16 kwietnia 2021

Od Laurencego C.D Chwasta

przyszłość, po mianowaniu Chwasta
Kolejne miesiące upłynęły pod znakiem epidemii i wszechogarniającego klanu chaosu ściśle z nią powiązanego. Cholera jedna wie, co zwieńczyło roczne siłowanie się z bliżej nieokreślonym wirusem odhaczającym na swojej liście psy, które najwidoczniej naraziły się tym latającym na chmurach, jednak Laurencemu dosyć zgrabnie udało się uniknąć choróbska; jego przystojne płuca pozostawały w kondycji wręcz wzorowej, za wyjątkiem okazjonalnych pochrapywań, jakie średnio co trzy noce wydobywały się z jego rozchylonego szeroko pyska. Jego powrót do klanu obfitował w liczne zdziwienia i pełne niedowierzania westchnienia, przez które okazywano radość albo rozczarowanie — nic pomiędzy, ponieważ Laurency z reguły nie wzbudzał w innych emocji skrajniejszych niż dwie nadmienione. Cierń go przytulił, jakkolwiek psiego przytulania nie można zdefiniować, Miękka nie zdawała się mieć żadnych obiekcji, ponieważ sprowadzone lekarstwo okazało się pomocne w mniejszym lub większym stopniu, Jazgot zamerdał swoim śmiesznym ogonem, tym samym dając Laurencemu do zrozumienia, że brakowało mu go bardziej niż Leonisowi, a Chwasta nie widział przez następne pięć nocy, dopóki nie natknął się na niego, za sprawą zupełnego przypadku i subtelnej pomocy trzech laurencytów, które nawet po długoterminowej podróży nie zdecydowały się na kopulację, na wysypisku, gdzie znalazł się równie nieoczekiwanie co sam Laurie i, podobnie, nie za sprawą własnej woli.

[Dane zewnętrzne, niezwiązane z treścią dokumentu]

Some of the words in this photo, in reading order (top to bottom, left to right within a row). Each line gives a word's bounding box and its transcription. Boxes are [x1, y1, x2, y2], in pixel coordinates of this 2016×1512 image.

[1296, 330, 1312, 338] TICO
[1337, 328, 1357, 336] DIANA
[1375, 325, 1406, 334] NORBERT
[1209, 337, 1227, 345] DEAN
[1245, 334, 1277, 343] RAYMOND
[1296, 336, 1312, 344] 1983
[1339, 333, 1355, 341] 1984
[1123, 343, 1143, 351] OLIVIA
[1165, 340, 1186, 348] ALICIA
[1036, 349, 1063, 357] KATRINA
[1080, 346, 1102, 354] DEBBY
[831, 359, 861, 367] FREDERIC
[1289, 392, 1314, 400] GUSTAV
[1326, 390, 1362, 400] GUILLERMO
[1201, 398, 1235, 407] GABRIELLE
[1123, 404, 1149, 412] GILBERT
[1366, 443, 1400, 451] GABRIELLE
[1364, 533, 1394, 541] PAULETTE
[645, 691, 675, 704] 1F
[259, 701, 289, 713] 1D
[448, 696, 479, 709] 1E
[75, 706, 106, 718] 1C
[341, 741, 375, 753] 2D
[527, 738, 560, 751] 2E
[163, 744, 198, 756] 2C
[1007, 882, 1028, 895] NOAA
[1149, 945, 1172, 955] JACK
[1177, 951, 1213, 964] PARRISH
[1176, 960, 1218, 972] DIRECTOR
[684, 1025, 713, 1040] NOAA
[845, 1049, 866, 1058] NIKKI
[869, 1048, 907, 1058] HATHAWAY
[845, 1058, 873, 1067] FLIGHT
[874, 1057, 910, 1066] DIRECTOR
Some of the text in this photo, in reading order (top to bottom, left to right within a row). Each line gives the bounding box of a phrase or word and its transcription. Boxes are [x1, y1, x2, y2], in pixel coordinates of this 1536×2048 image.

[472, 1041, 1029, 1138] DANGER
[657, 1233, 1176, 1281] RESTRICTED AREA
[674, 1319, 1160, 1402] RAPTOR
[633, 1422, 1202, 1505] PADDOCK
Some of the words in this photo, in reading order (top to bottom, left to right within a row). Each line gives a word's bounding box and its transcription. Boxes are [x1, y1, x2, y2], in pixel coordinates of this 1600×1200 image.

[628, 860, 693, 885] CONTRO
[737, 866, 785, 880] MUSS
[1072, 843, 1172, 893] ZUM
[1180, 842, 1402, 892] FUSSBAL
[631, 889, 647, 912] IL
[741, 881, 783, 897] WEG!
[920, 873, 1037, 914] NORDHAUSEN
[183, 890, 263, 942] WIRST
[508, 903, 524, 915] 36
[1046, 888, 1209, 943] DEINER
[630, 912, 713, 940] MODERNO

Odór gnijących resztek dopadł go już na parędziesiąt metrów przed metalowymi bramami odgradzającymi pokaźne śmietnisko od świata zewnętrznego. Wykrzywił pysk w grymasie niezadowolenia, biorąc głęboki wdech tylko i wyłącznie po to, żeby odmówić sobie oddychania przez następne piętnaście sekund, coby nie narazić nozdrzy na zbyteczne usterki techniczne. Laurency żył w przedziwnym przeświadczeniu, jakoby smród mógł przykucnąć gdzieś w jego nosie i, jak rybik cukrowy w mieszkaniu, przebywać tam sobie bez względu na wolę właściciela, dając o sobie znać w najmniej odpowiednich porach — choćby wówczas, kiedy chciałby powąchać sierść Ciernia, a jedyne, co by czuł, to rozkładające się zwłoki (albo stare mleko, w zależności od asortymentu wysypiska). Byłoby to co najmniej niezręczne, a Laurie sam w sobie był już wystarczająco rozlazły.
Spośród sierści swojego rodzeństwa Chwasta kręciła się najbardziej.
— Chwast?
Szczenię obróciło się dookoła swojej osi co najmniej trzy razy, zanim utkwiło spojrzenie w zbliżającym się Laurencym. Bezgwiezdny poczuł się tak, jakby był wracającym z wojny żołnierzem, a Chwast jego psem — lada moment wskoczy mu na kolano, dosunie łeb do karku albo namiętnie wyliże mu twarz. Niemniej jednak jedyną rzeczą, która odnajdywała względne pokrycie z rzeczywistością, było to, że Chwast jest psem — z Laurencego żołnierz jako taki, a tym bardziej nie poczuł, żeby ktokolwiek próbował wykręcić mu nogę albo przewrócić. Gorycz, która powoli kiełkowała w jego sercu, została prędko zduszona w zarodku, kiedy z gardła Chwasta wydobyło się rozemocjonowane jęknięcie mające się nijak do pisku albo krzyku — najzwyczajniej w świecie sapnął, załamując tym samym głos, a żałość Laurencego zastąpiła troska o zdrowie szczenięcia, prędzej psychiczne niż fizyczne.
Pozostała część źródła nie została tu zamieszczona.